Structure–Property–Performance Engineering of Hydrogel Depots for Long-Acting Peptide Delivery

Controlled release systems for subcutaneous peptide delivery often exhibit a pronounced initial burst release followed by inadequate maintenance of therapeutic exposure, limiting depot lifetime and increasing pharmacokinetic variability. Here, we engineer a dynamic, injectable hydrogel depot technology for months-long delivery of lipidated peptides. Using semaglutide as a model, we establish a modular formulation framework integrating: (i) formulation-driven tuning of depot mechanics to control release kinetics, (ii) cargo complexation strategies leveraging hydrophobic and multivalent ion-mediated interactions, and (iii) oxidative stabilization through sacrificial antioxidant excipients.

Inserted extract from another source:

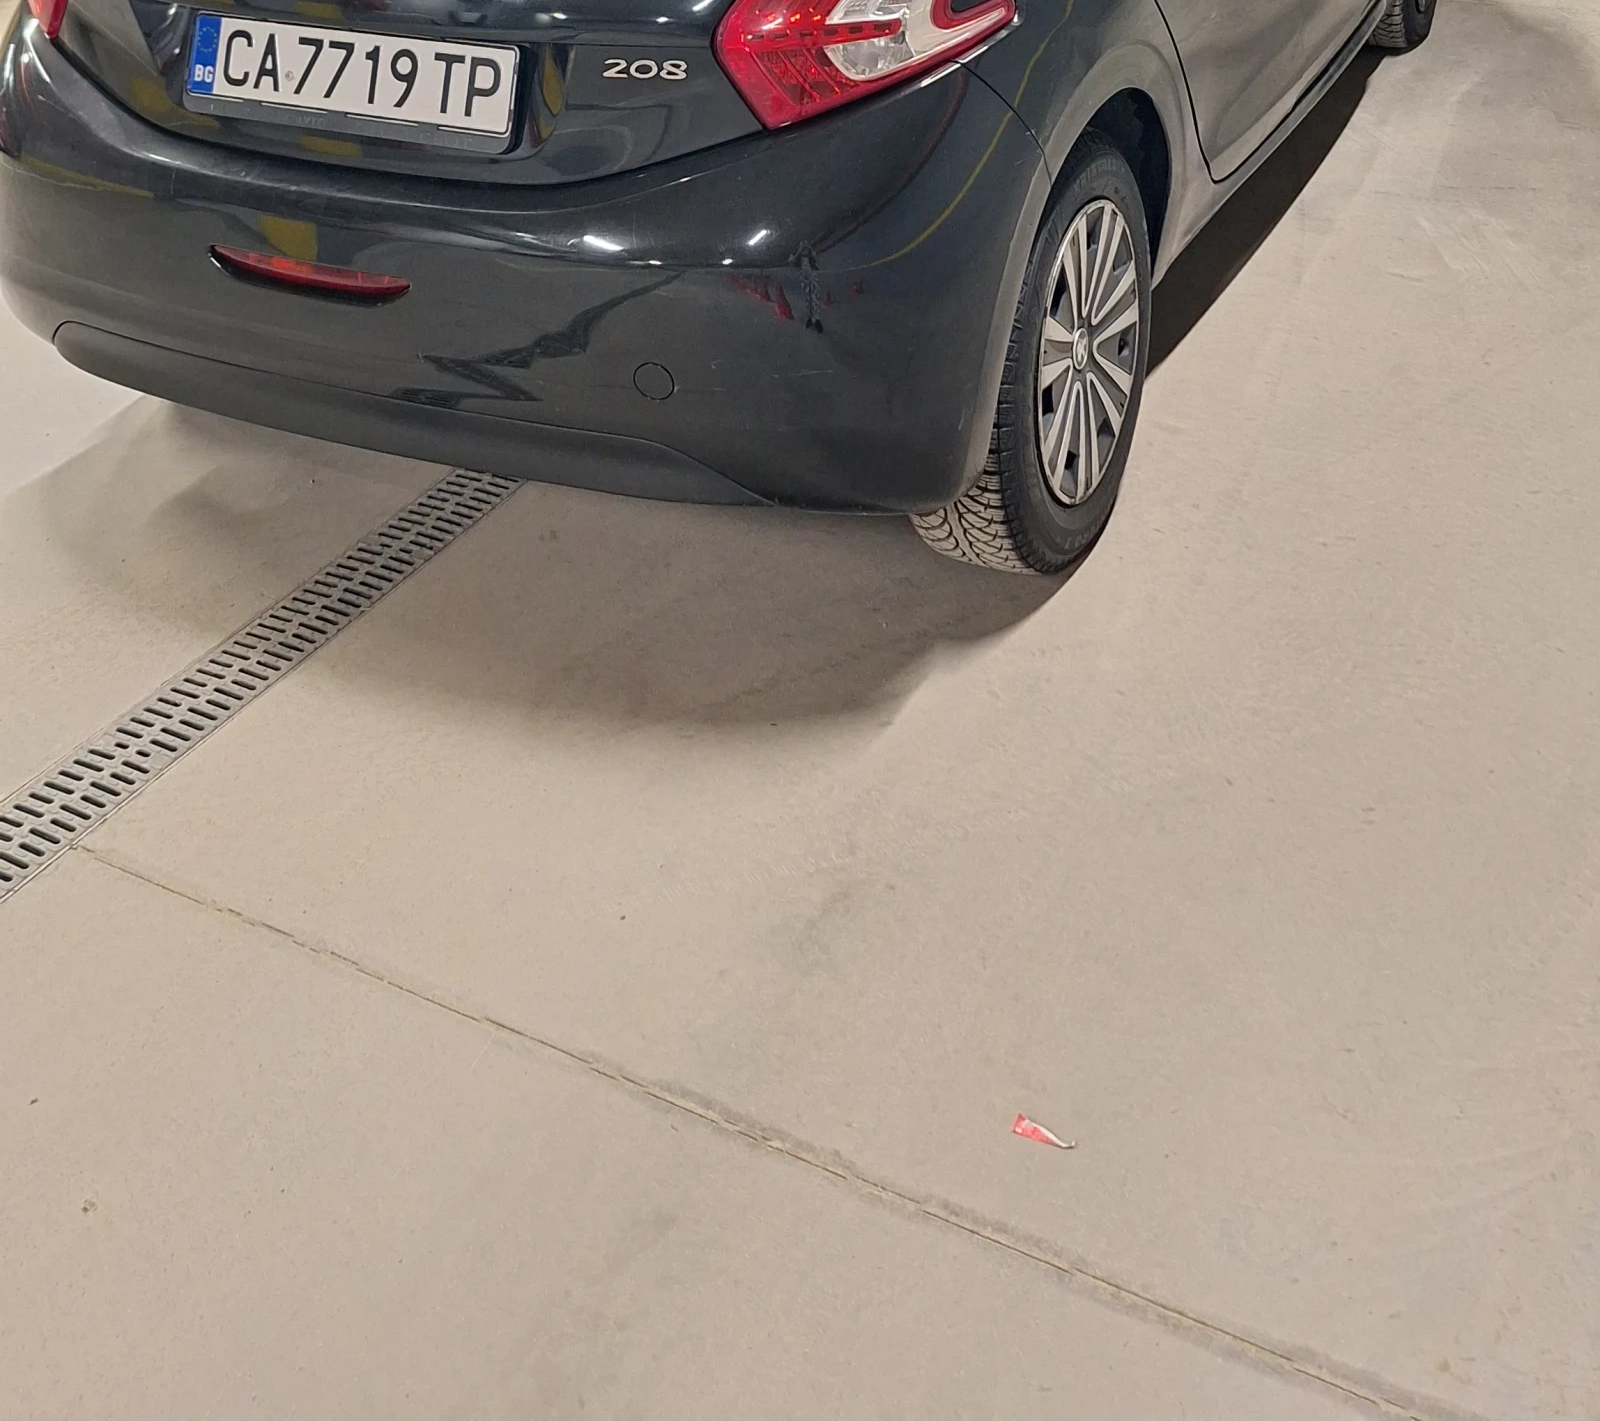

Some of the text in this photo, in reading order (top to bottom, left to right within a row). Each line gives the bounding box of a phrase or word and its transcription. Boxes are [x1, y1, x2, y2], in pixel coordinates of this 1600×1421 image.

[193, 64, 214, 82] BG
[223, 29, 502, 117] CA 7719 TP
[602, 58, 688, 80] 208

We evaluated depot performance by rheology, in vitro cargo release, and in vivo pharmacokinetic and pharmacodynamic studies in rodents. Optimized formulations sustained semaglutide exposure for over six weeks from a single administration with two-fold reduction in peak-to-trough exposure and comparable total bioavailability relative to daily dosing, resulting in improved glucose control, weight regulation, and preservation of pancreatic islet content. These results suggest potential for quarterly dosing in humans. Together, this work establishes integrated and generalizable structure-property-performance relationships that account for cargo–matrix and cargo–excipient interactions across burst, diffusion, and erosion regimes to inform a practical formulation framework for engineering long-acting depots for sustained peptide delivery.